_TASK TO CARRY OUT_: Every entry should be reproduced precisely, with each picture left out.

[[ GIVEN DATA open ]]

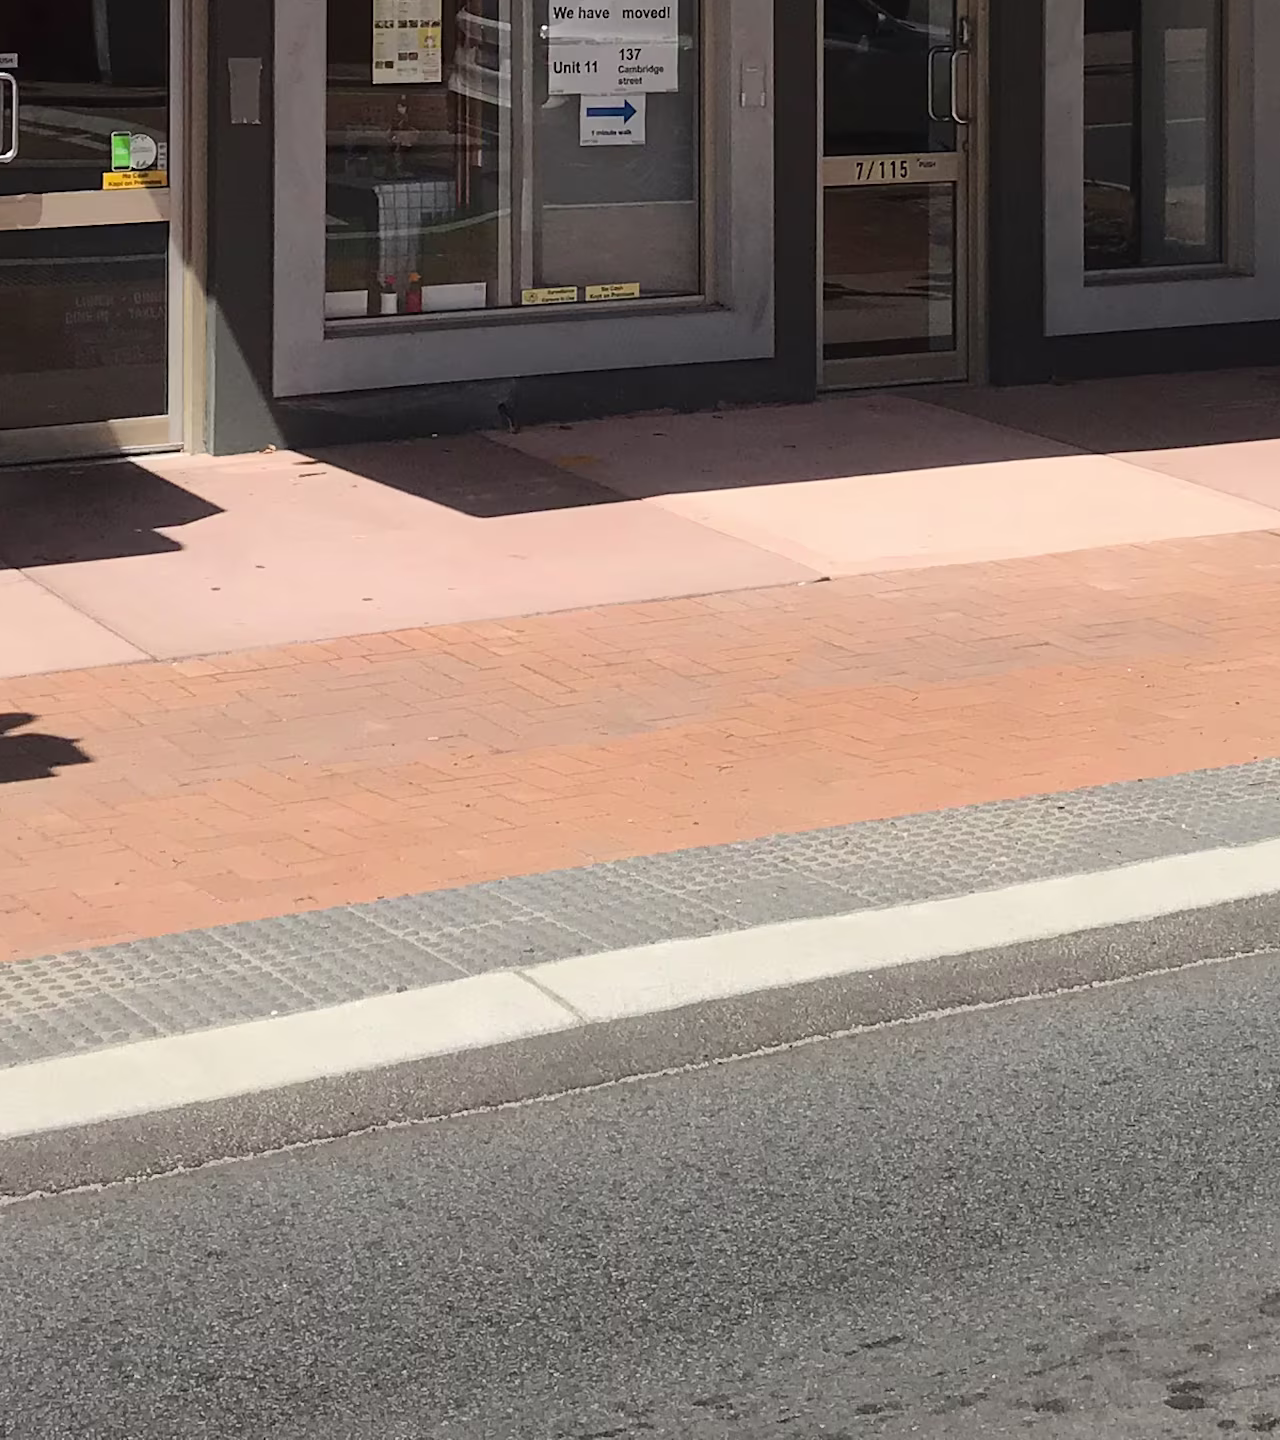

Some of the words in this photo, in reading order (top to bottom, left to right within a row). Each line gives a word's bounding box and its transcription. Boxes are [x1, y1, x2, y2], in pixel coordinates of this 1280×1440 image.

[553, 6, 574, 19] We
[578, 6, 610, 19] have
[622, 6, 671, 19] moved!
[618, 48, 642, 61] 137
[553, 61, 581, 74] Unit
[584, 60, 598, 73] 11
[617, 64, 664, 75] Cambridge
[617, 77, 643, 86] street
[856, 160, 908, 180] 7/115
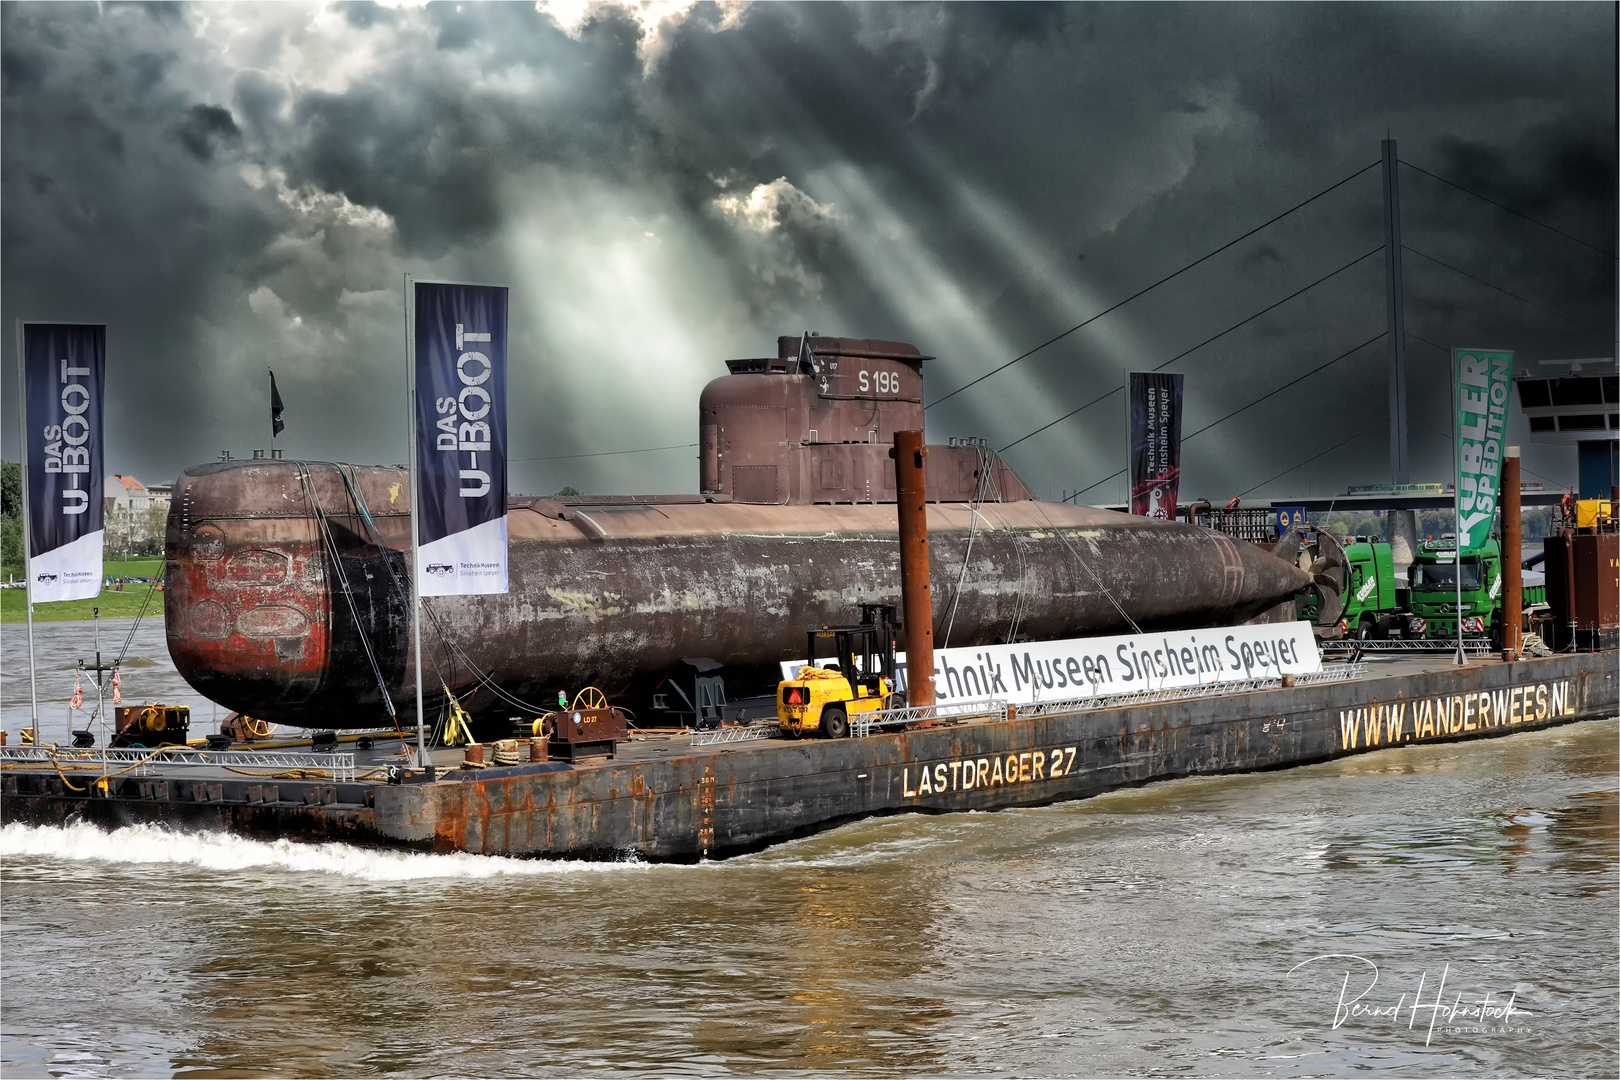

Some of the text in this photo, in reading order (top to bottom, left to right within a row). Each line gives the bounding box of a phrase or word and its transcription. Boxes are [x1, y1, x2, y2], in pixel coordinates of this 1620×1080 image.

[456, 323, 491, 497] U-BOOT
[859, 370, 900, 393] S 196
[44, 424, 62, 473] DAS
[61, 359, 90, 514] U-BOOT
[436, 396, 457, 450] DAS
[1147, 387, 1155, 473] Technik Museen
[1159, 387, 1170, 473] Sinsheim Speyer
[1476, 358, 1509, 513] SPEDITION
[1009, 652, 1113, 692] Museen
[1116, 636, 1223, 682] Sinsheim
[1224, 635, 1298, 678] Speyer
[583, 716, 591, 724] LD
[903, 746, 1077, 798] LASTDRAGER 27
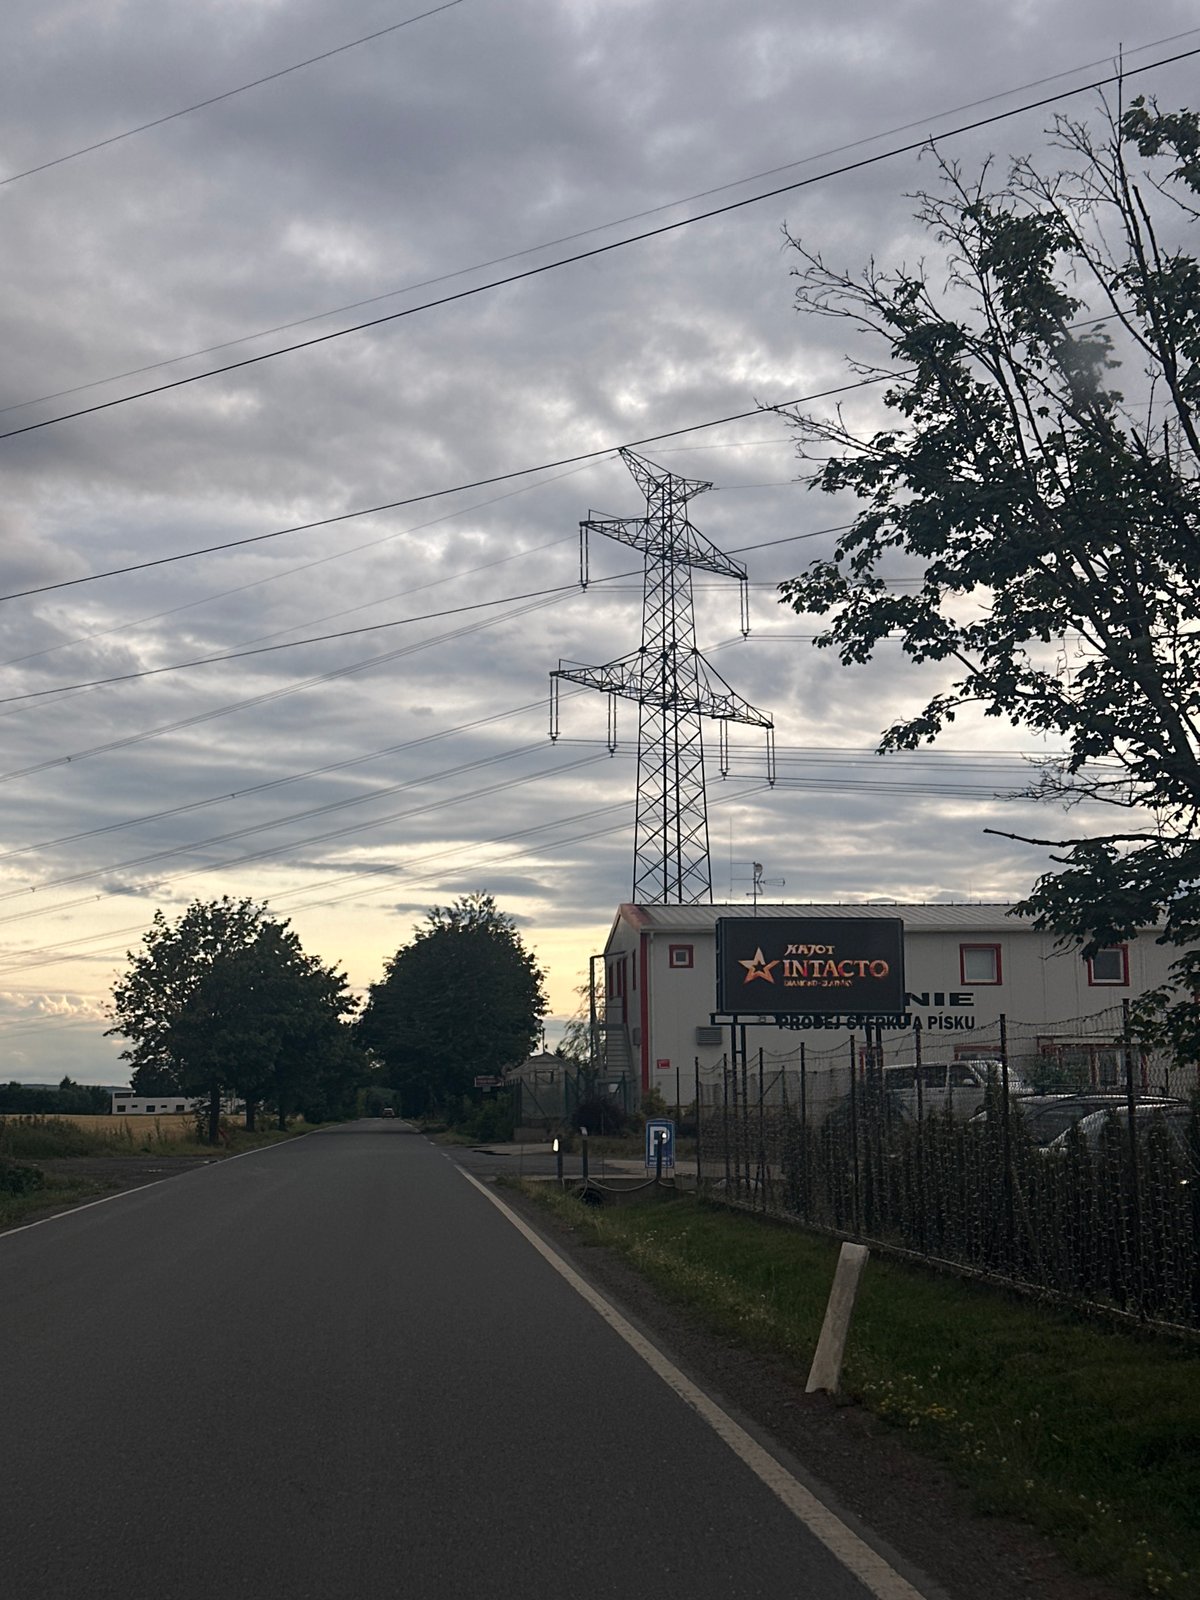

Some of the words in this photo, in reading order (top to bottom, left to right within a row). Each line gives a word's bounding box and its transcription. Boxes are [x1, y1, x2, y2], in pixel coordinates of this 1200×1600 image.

[784, 944, 835, 957] KAJOT
[782, 959, 889, 978] INTACTO
[779, 1015, 840, 1029] PRODEJ
[913, 1015, 923, 1030] A
[927, 1011, 975, 1030] PÍSKU
[649, 1126, 671, 1156] P
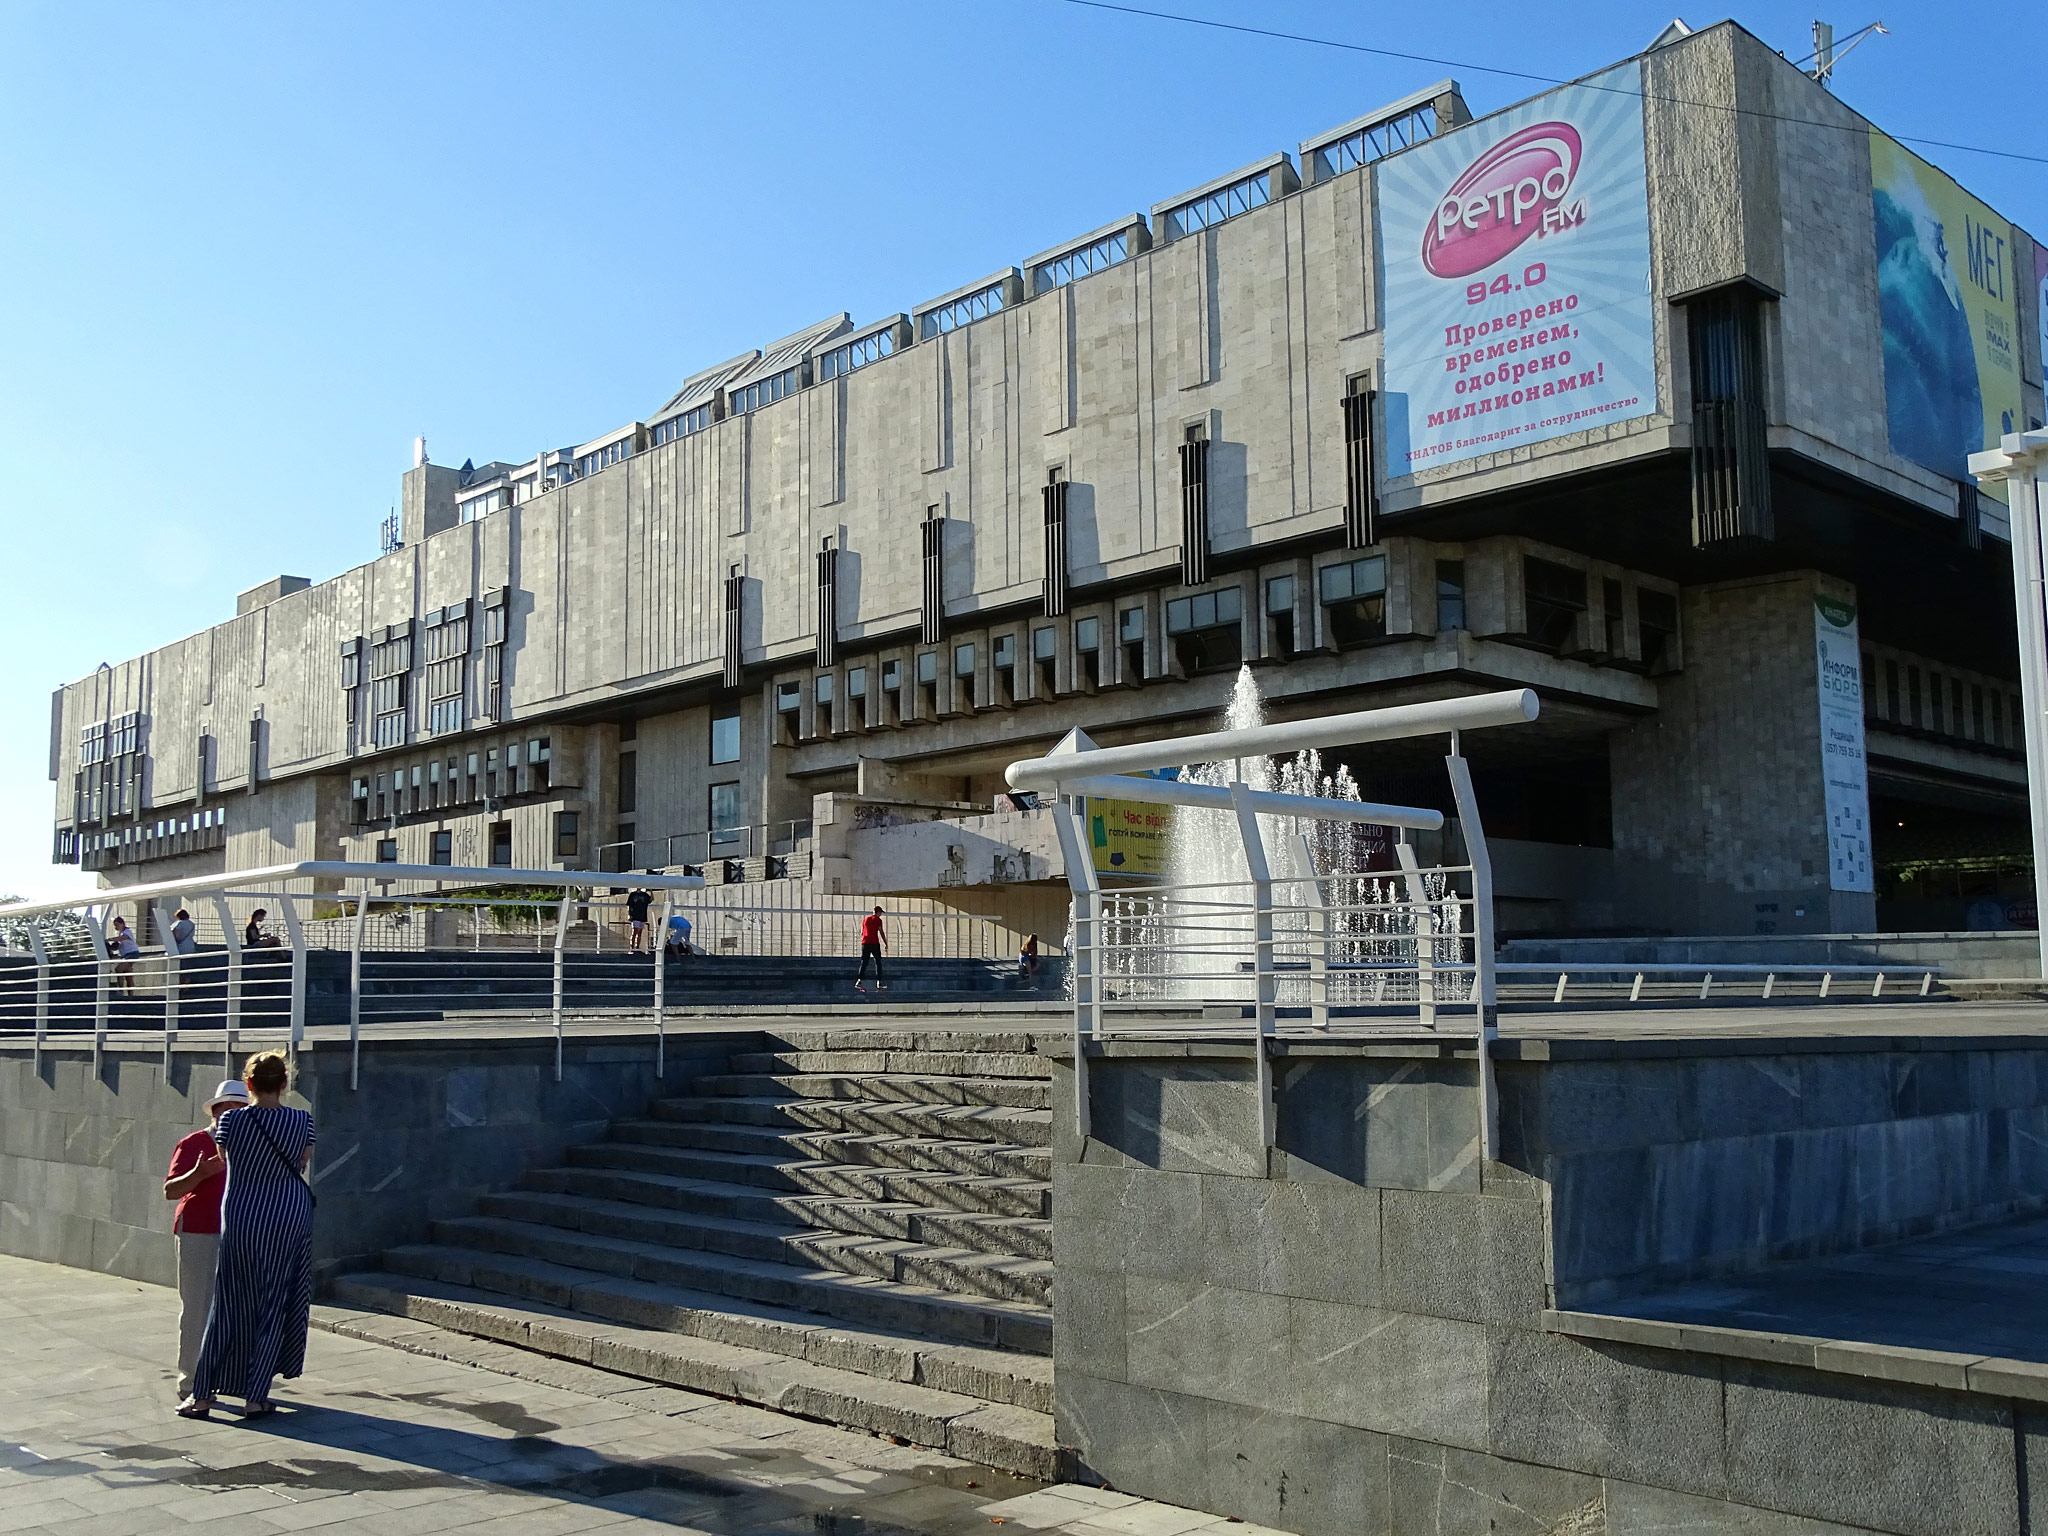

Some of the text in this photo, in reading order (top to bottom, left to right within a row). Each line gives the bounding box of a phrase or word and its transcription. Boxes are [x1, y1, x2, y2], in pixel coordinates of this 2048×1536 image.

[1541, 196, 1588, 234] FM
[1965, 213, 2004, 302] МЕГ
[1466, 262, 1547, 306] 94.0
[1445, 293, 1579, 346] Проверено
[1986, 327, 2011, 354] IMAX
[1445, 320, 1579, 373] временем,
[1427, 362, 1605, 428] миллионами!
[1454, 349, 1572, 395] одобрено
[1405, 395, 1640, 463] ХНАТОБ благодарит за сотрудничество
[1123, 809, 1142, 825] Час

[[ GIVEN DATA closed ]]

_RESULT OF THIS EXERCISE_:
Some of the words in this photo, in reading order (top to bottom, left to right within a row). Each line gives a word's bounding box and its transcription. Boxes are [x1, y1, x2, y2], in pixel coordinates of this 1280×1440 image.

[553, 6, 574, 19] We
[578, 6, 610, 19] have
[622, 6, 671, 19] moved!
[618, 48, 642, 61] 137
[553, 61, 581, 74] Unit
[584, 60, 598, 73] 11
[617, 64, 664, 75] Cambridge
[617, 77, 643, 86] street
[856, 160, 908, 180] 7/115

Some of the text in this photo, in reading order (top to bottom, left to right within a row). Each line gives the bounding box of a phrase or word and its transcription. Boxes are [x1, y1, x2, y2], in pixel coordinates of this 1620×1080 image.

[456, 323, 491, 497] U-BOOT
[859, 370, 900, 393] S 196
[44, 424, 62, 473] DAS
[61, 359, 90, 514] U-BOOT
[436, 396, 457, 450] DAS
[1147, 387, 1155, 473] Technik Museen
[1159, 387, 1170, 473] Sinsheim Speyer
[1476, 358, 1509, 513] SPEDITION
[1009, 652, 1113, 692] Museen
[1116, 636, 1223, 682] Sinsheim
[1224, 635, 1298, 678] Speyer
[583, 716, 591, 724] LD
[903, 746, 1077, 798] LASTDRAGER 27

Some of the words in this photo, in reading order (top to bottom, left to right within a row). Each line gives a word's bounding box and its transcription. Boxes are [x1, y1, x2, y2], in pixel coordinates of this 1200×1600 image.

[784, 944, 835, 957] KAJOT
[782, 959, 889, 978] INTACTO
[779, 1015, 840, 1029] PRODEJ
[913, 1015, 923, 1030] A
[927, 1011, 975, 1030] PÍSKU
[649, 1126, 671, 1156] P

Some of the text in this photo, in reading order (top to bottom, left to right within a row). Each line gives the bounding box of a phrase or word and its transcription. Boxes are [x1, y1, x2, y2], in pixel coordinates of this 2048×1536 image.

[1541, 196, 1588, 234] FM
[1965, 213, 2004, 302] МЕГ
[1466, 262, 1547, 306] 94.0
[1445, 293, 1579, 346] Проверено
[1986, 327, 2011, 354] IMAX
[1445, 320, 1579, 373] временем,
[1427, 362, 1605, 428] миллионами!
[1454, 349, 1572, 395] одобрено
[1405, 395, 1640, 463] ХНАТОБ благодарит за сотрудничество
[1123, 809, 1142, 825] Час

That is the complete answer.